When it set to work in New York in 1947, the nine-person committee selected to draft the Universal Declaration of Human Rights included individuals from very different cultural, philosophical, and religious backgrounds, including Chinese, Middle Eastern, Hindu, Latin American, Islamic, Jewish, Christian, and Marxian traditions. This fact, along with the committee’s decision to exclude any references to God or religion from the document’s preamble, has led some scholars to claim that the concept of human rights was framed in strictly secular terms in the immediate postwar era.

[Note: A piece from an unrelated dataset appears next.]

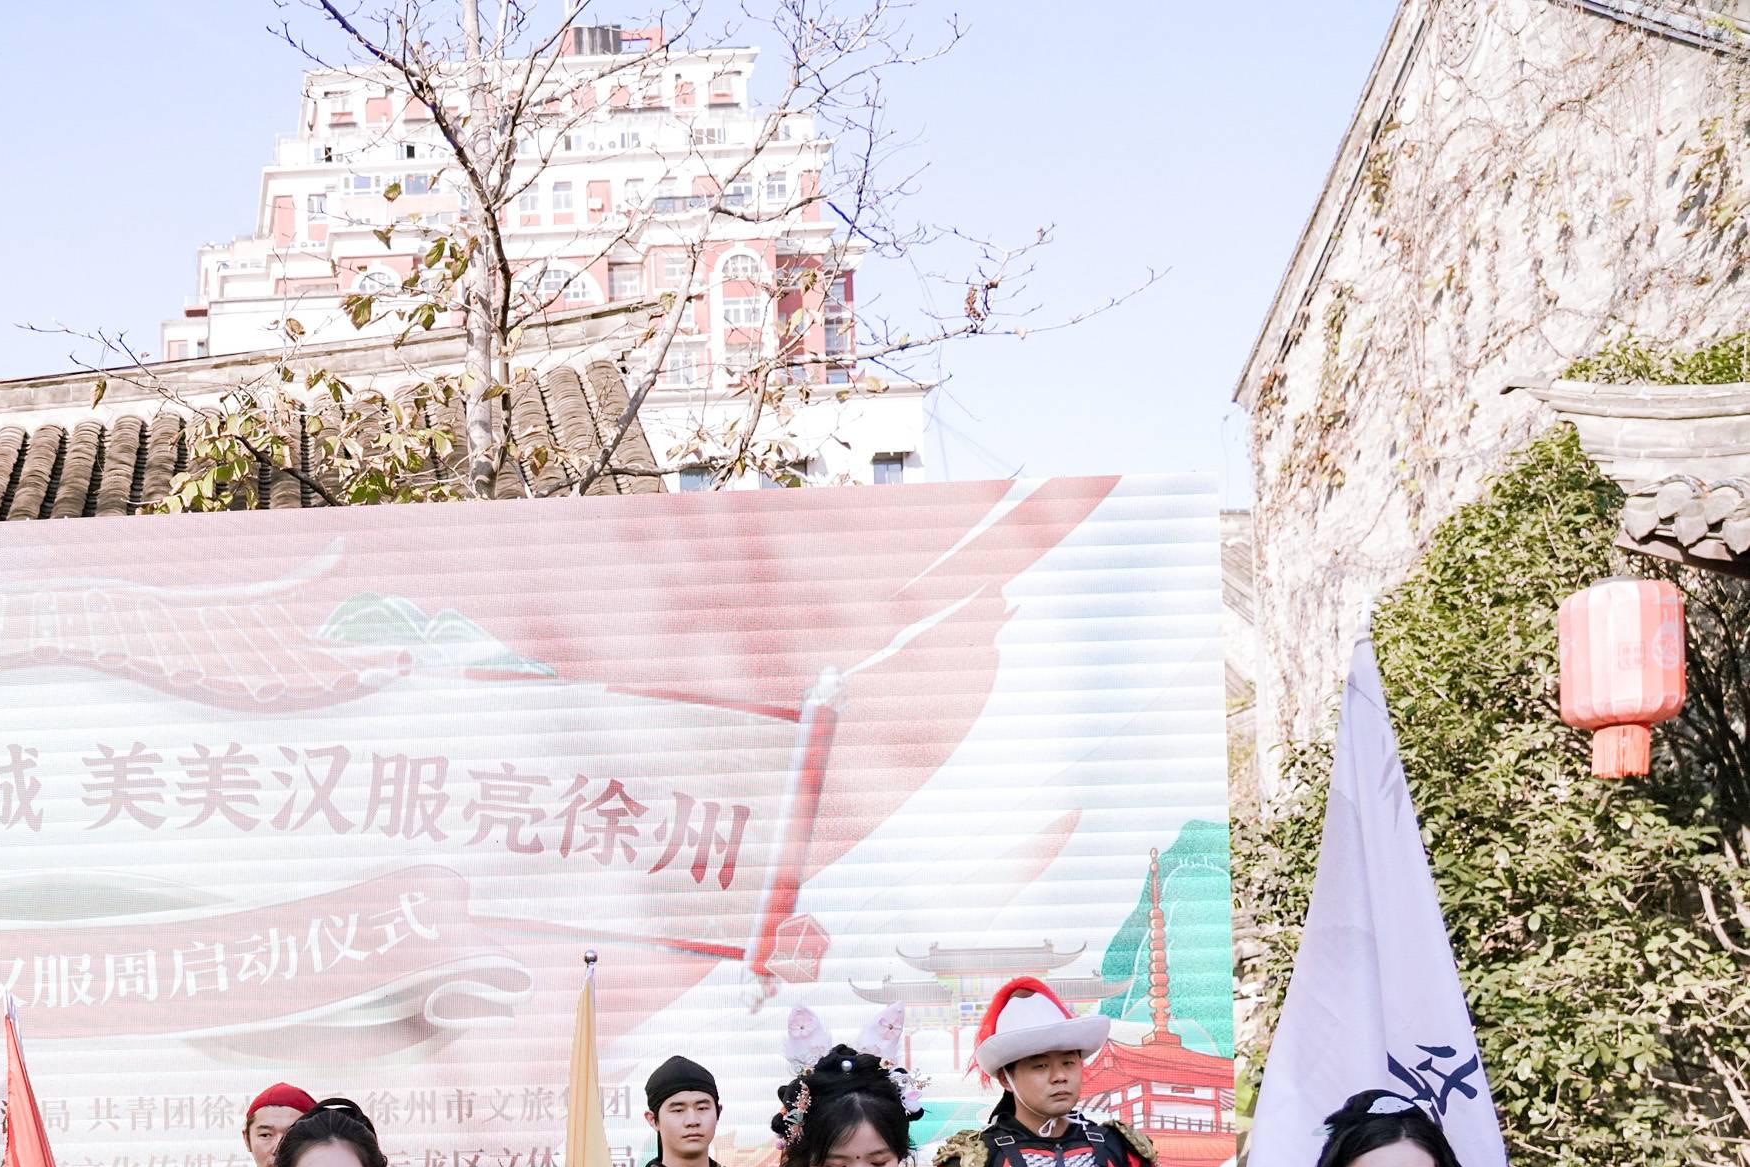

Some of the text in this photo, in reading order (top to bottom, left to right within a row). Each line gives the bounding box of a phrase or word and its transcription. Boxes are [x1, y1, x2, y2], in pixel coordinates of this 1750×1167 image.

[81, 742, 751, 890] 美美汉服亮徐州
[368, 1085, 632, 1126] 徐州市文旅团

It is increasingly clear, however, that religion—and, more particularly, Christianity—played a central role in the genesis and early promotion of the Declaration as a statement of putatively universal values. More significantly, between 1939 and 1947, Protestant theologians and church leaders—working through the World Council of Churches, the Commission for a Just and Durable Peace, the Federal Council of Churches, and other bodies, in close ecumenical partnership with the American Jewish Committee and the bishops of the Catholic Church—campaigned vigorously for the creation of the United Nations and “a new world order” dedicated to human rights. “In fact,” theologian Max Stackhouse writes, “the more this history is dug out, the clearer it becomes that [religious thinkers and leaders] supplied much of the intellectual and ethical substance that formed these so-called ‘secular’ documents.”
In his latest book, Christian Human Rights, Harvard historian Samuel Moyn—building on The Last Utopia (2010) and a group of essays collected in Human Rights and the Uses of History (2014)—seeks to excavate the importance of Christian social and political thought to the rise of human rights as a compelling moral concern in the twentieth century. Unlike Stackhouse, Moyn presents this story not in a celebratory but, rather, a deeply skeptical key. He aims to uncover the origins of “our premier principles” by taking an approach of “tough criticism rather than unreflective admiration.” The result is a work of critical scholarship that is by turns illuminating, puzzling, contentious, and flawed.